Teaching children to save is one of the keys for them to grow up with good values regarding their personal finances. Although from the Bank of Spain they promote the importance of saving and control over money, they also recommend some keys to adapt to the age of the little ones.
The economic institution points out that what is important is not how old they are, but how they teach it, so it is not convenient to wait until they are teenagers to have that first conversation about money. Educational games at the beginning or even offering a weekly allowance can be first experiences for children to discover how to be more independent with money.
Celia Rubio, financial expert and investment-related content creator, directs this conversation to parents and reminds that there are formulas to start creating a savings fund for their children before they can even earn their own money. In one of her videos she points out three methods that can help parents get enough emergency money that they can invest in their future and even achieve financial success.
Open your first account
Your child does not have to be 18 years old to have his own account, the expert points out that putting 1000 euros in that bank account as soon as the baby is born can help create his first mattress. If this account also has some profitability, we will ensure that the money, even if it is stopped, continues to grow each year. If you can add more money, do not hesitate to do so, since you can get a larger fund.
Add money monthly
Of course, each month continue to put in certain amounts of money that are possible for you, whether they are 100 euros or less. The idea is that that account will continue to grow until the child is 18 years old or starts working. If you can invest some of the money, it is a good idea to do so, since you will maintain the growth of this fund.
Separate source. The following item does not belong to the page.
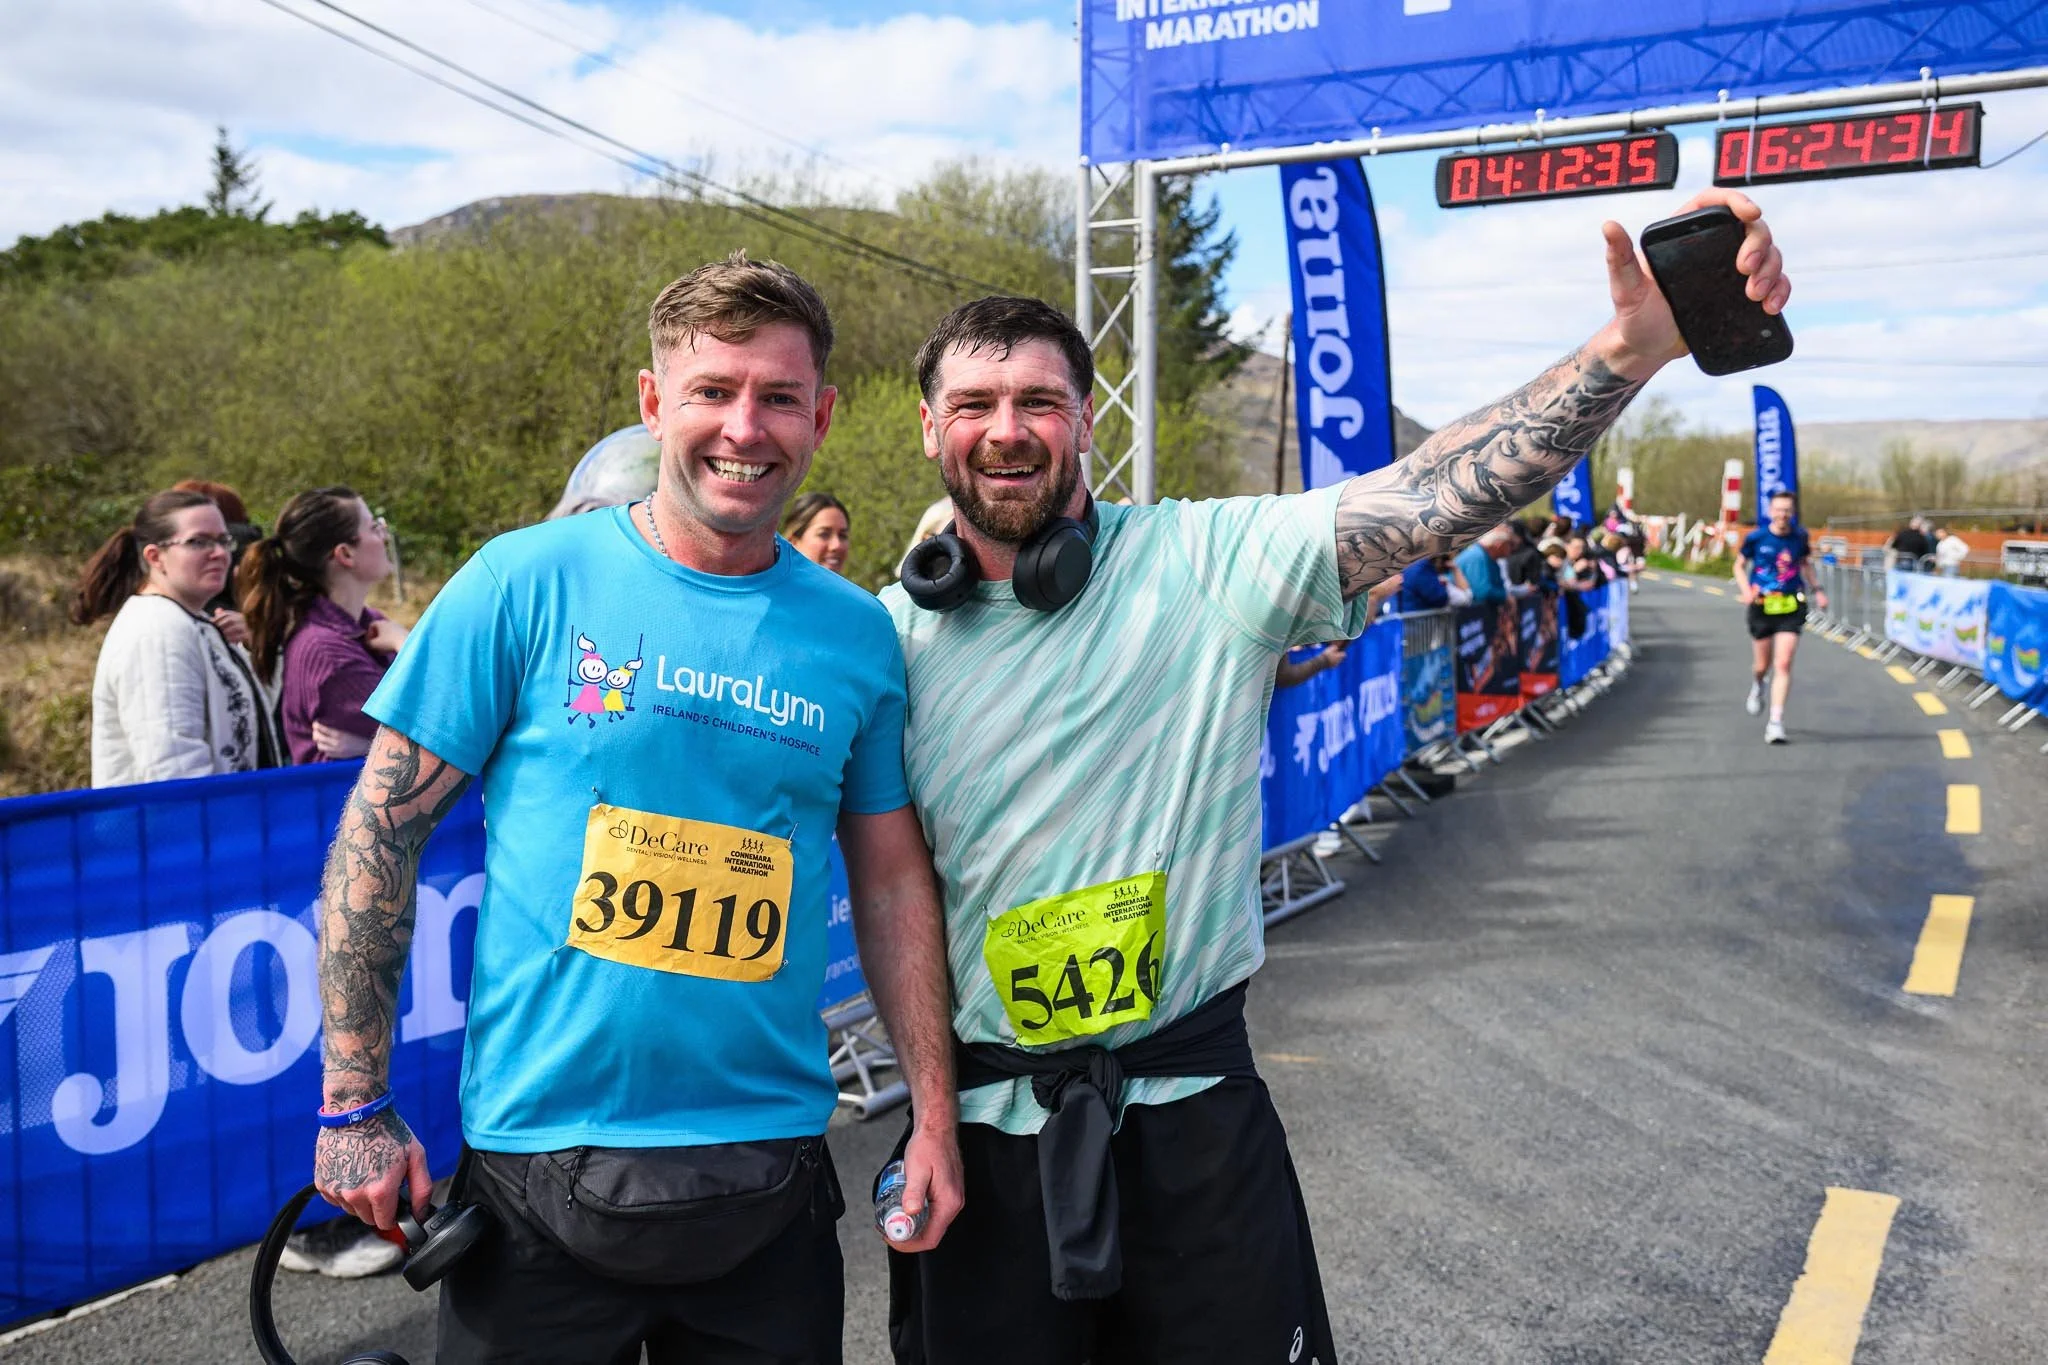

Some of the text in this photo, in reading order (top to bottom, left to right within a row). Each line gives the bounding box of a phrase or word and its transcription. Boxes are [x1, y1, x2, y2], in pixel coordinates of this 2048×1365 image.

Of course, when your child is of a certain age to understand this strategy, talk about it with him so that you know the importance of saving.
Take advantage of special dates to put more money
When there are special dates like birthdays or Christmas, add a little more extra money to the bank account. Thanks to this, your son will be able to reach the age of 18 with a good foundation that will allow him to make better investments in the future, either in his education or in a home. Following exactly the guidelines that Rubio mentions, he ensures that these types of accounts can accumulate up to 86,189 euros when they reach the age of majority.